In fact, when Daniel was suggested to me as a shidduch, I casually asked if he was by any chance a baal teshuvah. I was assured by someone who knew him well from yeshivah that he most definitely was not.
Why do some baalei teshuvah seamlessly blend into the frum world better than others? What factors contribute to or mitigate a baal teshuvah’s success at integration?
Immersion in the community allows baalei teshuvah to experience the language, flavor, unspoken rules, and social norms of Orthodox living like nothing else. When baalei teshuvah become religious in Israel, for example, and spend substantial time learning in a yeshivah or seminary as well, experiencing observant life in the Jewish homeland, they receive a solid foundation in forming their identities as religious people. This “total immersion” experience can aid their transition, especially if they decide to become members of frum communities in chutz l’Aretz. For those baalei teshuvah who did not have the opportunity to learn formally, it may be more challenging to fully acculturate, as they are missing that formative background.
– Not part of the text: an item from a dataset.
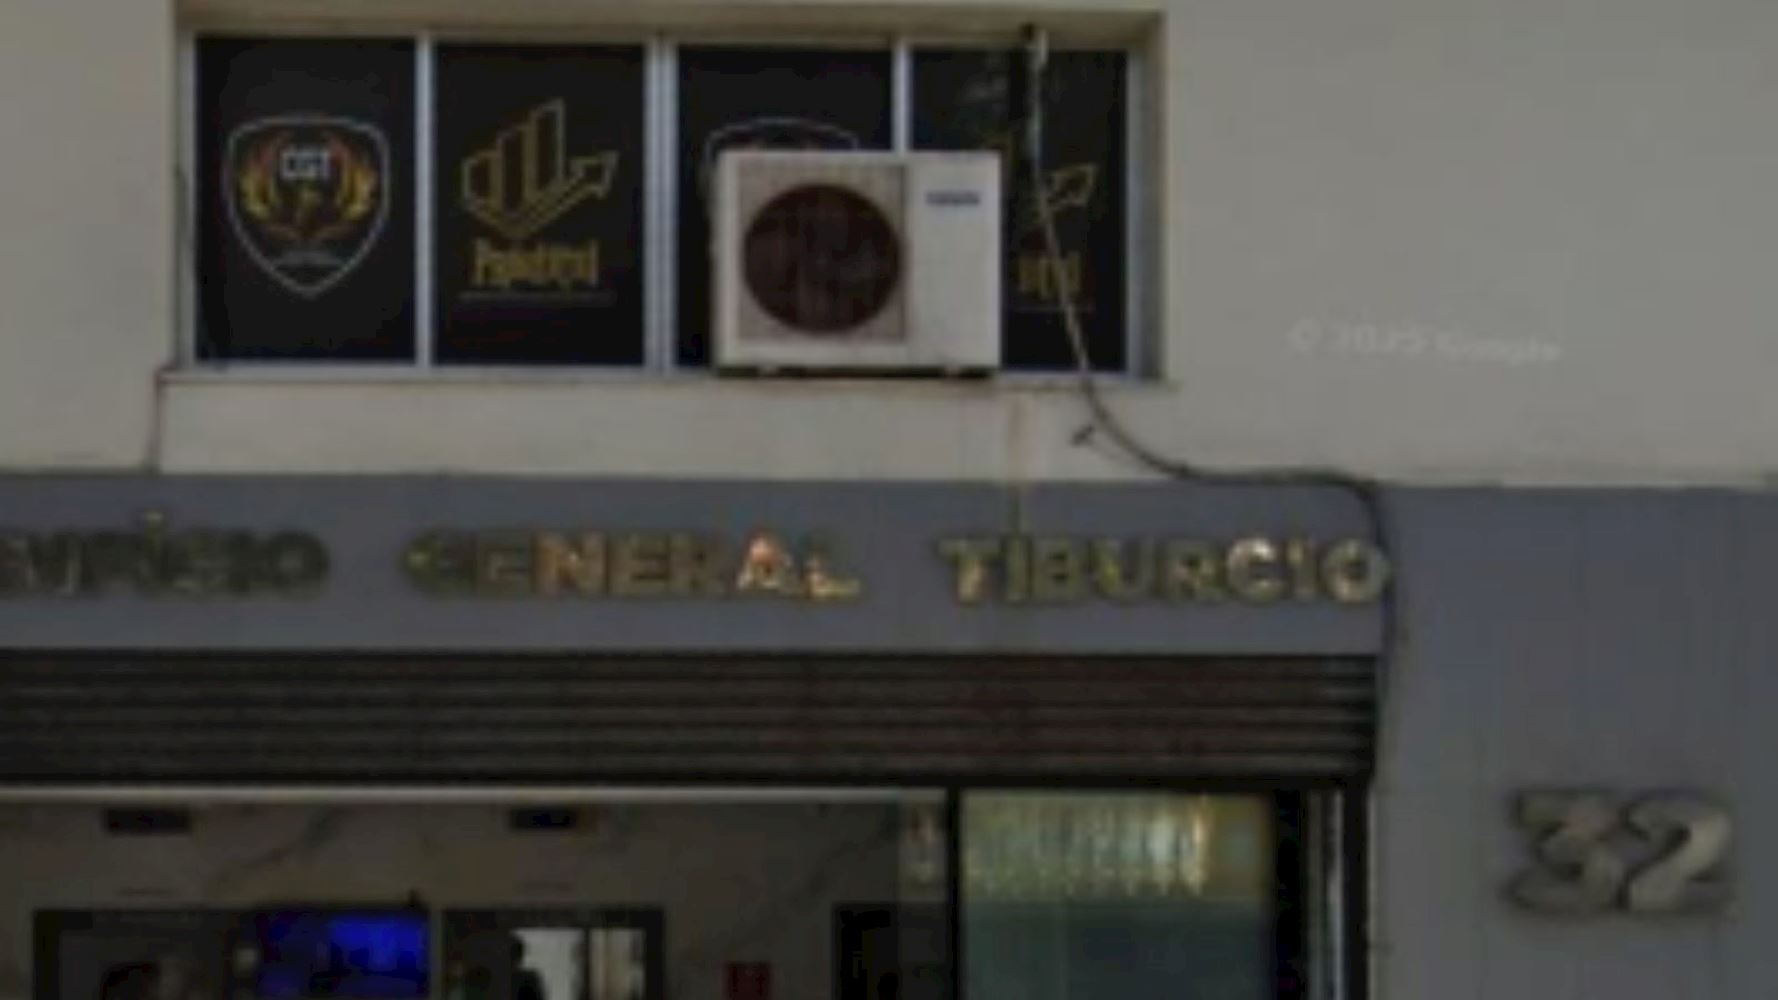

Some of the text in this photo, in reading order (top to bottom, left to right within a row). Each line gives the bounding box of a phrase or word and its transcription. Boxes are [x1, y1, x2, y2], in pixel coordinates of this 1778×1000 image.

In addition, a baal teshuvah’s motivations for becoming religious may also affect his or her integration into the community. Healthy reasons for becoming frum include a desire to deeply connect to one’s heritage, finding meaning in Judaism, a yearning to lead and raise children with a religious lifestyle, and an impetus to live life according to the truth of the Torah. Unhealthy reasons include an escape from a dysfunctional family situation, a longing to overcome emotional instability through religion, and a belief that the Orthodox community provides a utopia. The healthier a person is coming into Yiddishkeit, the better he or she will be able to deal with the requirements of frum living.
It appears that some baalei teshuvah are somehow able to fit in smoothly while others have not been blessed with all the social skills necessary for mastering the unspoken rules and nuances of frum life. While becoming frum should in no way require a person to become a clone in dress and thought, it is crucial that baalei teshuvah have mentors, both in rabbanim and in friends, who can guide them if they find themselves struggling to navigate the social terrain of being frum.
Another seemingly inborn gift is the ability for some baalei teshuvah to adapt better than others to the language of the frum world. For many, the giveaway is how they make Kiddush. For others, it’s using the wrong phrases at the wrong times or peppering their speech with too many Baruch Hashems. Baalei teshuvah may also overextend language rules, a trend otherwise known as hyper-accommodation. This is perhaps best captured by a joke Sarah Bunin Benor includes in her book, Becoming Frum: How Newcomers Learn the Language and Culture of Orthodox Judaism (Rutgers University Press): “What do baalei teshuvah drink? Ginger Kale!” Often, when a baal teshuvah is immersed in the culture of Orthodox life, linguistic accommodation comes more easily and naturally. For others, however, especially older baalei teshuvah, the struggle can last a lifetime.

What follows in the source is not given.